Central mechanisms of chronic pain (neuralgias and certain other neurogenic pain).

Almost all supratentorial intracranial lesions which may effectively control chronic pain in man are ineffective for acute pain. There are at least 10 sites at which lesions producing no somatic sensory loss have often stopped the peculiarly agonizing chronic pain of advanced cancer. They include: (a) inferior posteromedial or subcaudate (preinnominate) frontal white matter; (b) supracallosal portion of cingulum; (c) thalamotomy of centrum medianum and parafascicularis nuclei; (d) thalamotomy of linear parasagittal type separating connections between lateral specific and medial nonspecific sensory relay nuclei; (e) thalamotomy of pulvinar; (f) amygdalotomy; (g) frontothalamic tractotomy; (h) hypothalamotomy-posteromedial nuclei; (i) hypothalamotomy-periventricular nuclei; (j) hypophysectomy. It is indeed remarkable that such diversely situated lesions may many times be so successful. We understand poorly the mechanisms by which this control is often (though at times only temporarily) achieved.
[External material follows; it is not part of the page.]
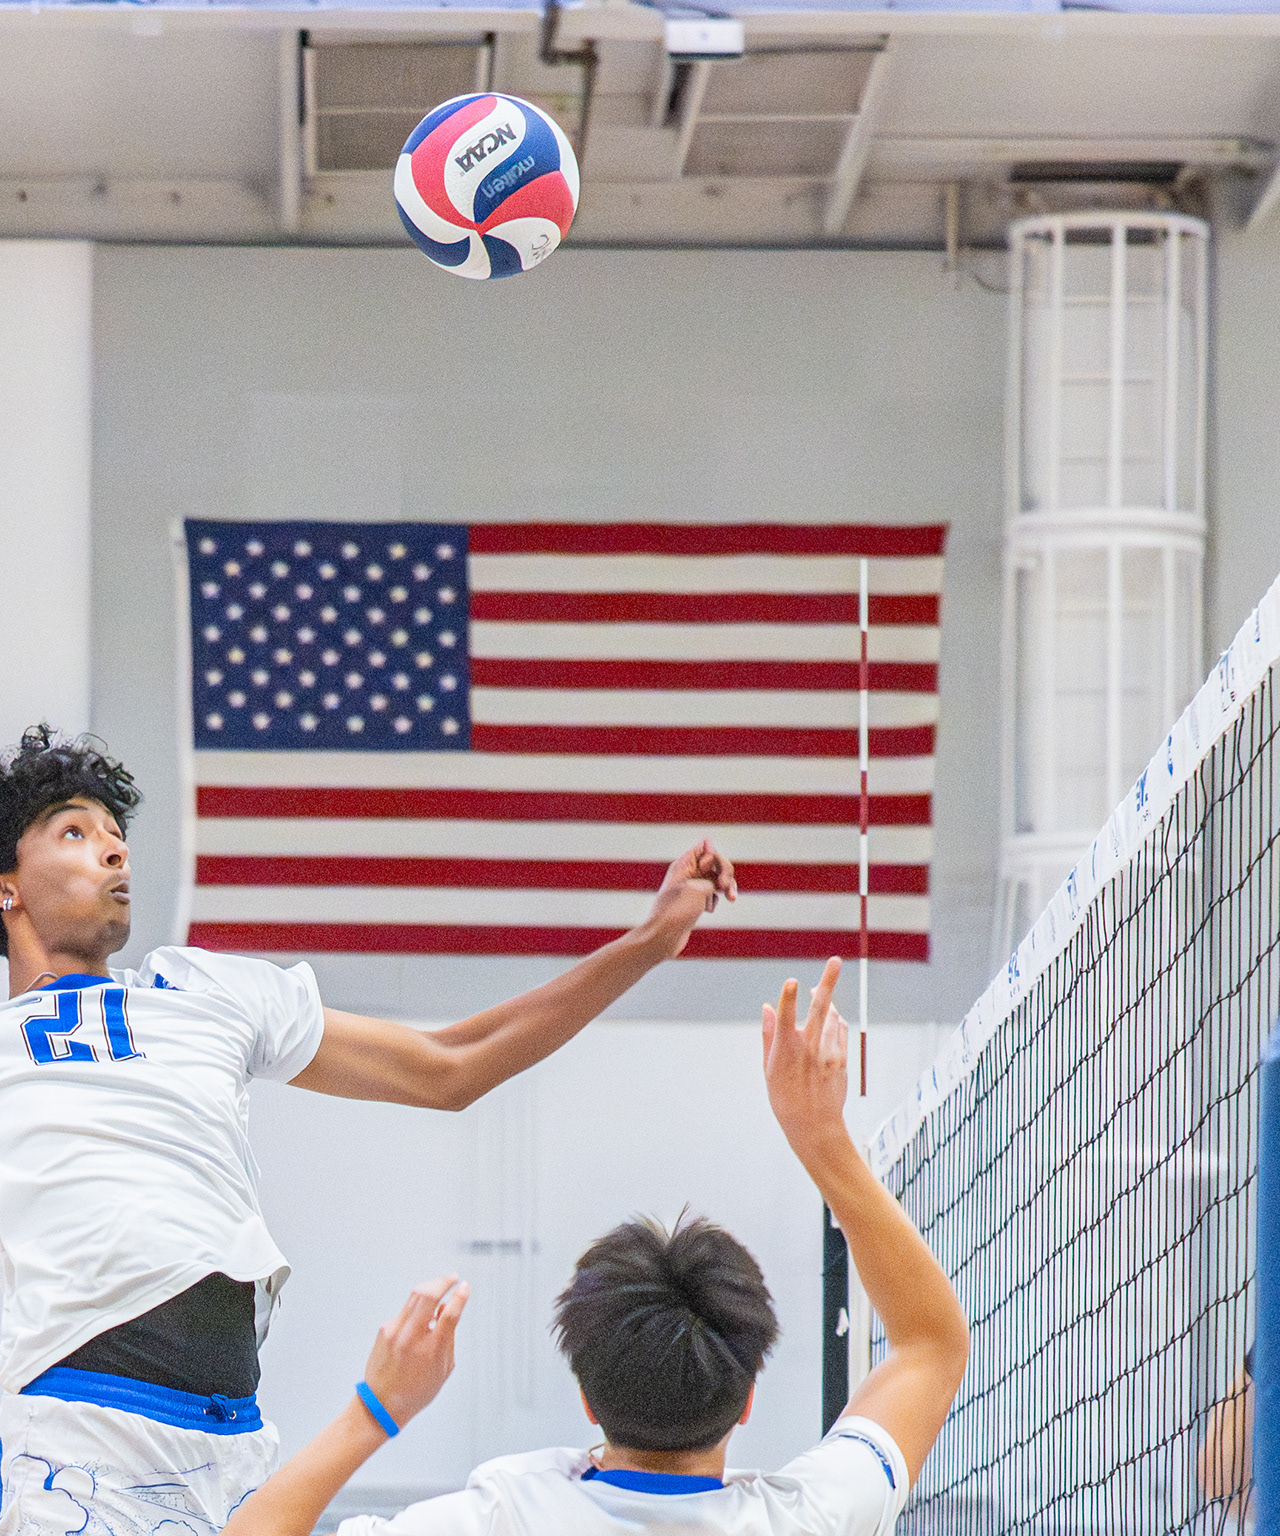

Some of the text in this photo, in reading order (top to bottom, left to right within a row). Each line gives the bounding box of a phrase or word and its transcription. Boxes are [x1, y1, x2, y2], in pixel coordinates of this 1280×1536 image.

[454, 122, 518, 174] NCAA
[479, 154, 536, 199] molten
[19, 987, 147, 1067] 21
Hence, we are in real need of animal models to permit critical analysis. The problem of devising an ethically acceptable modus operandi is formidable. However, an ethicist who would demand that every time an experimental animal is showing some distress the experiment must be terminated, must also bear some responsibility for continuing disabling pain in hundreds of thousands of people.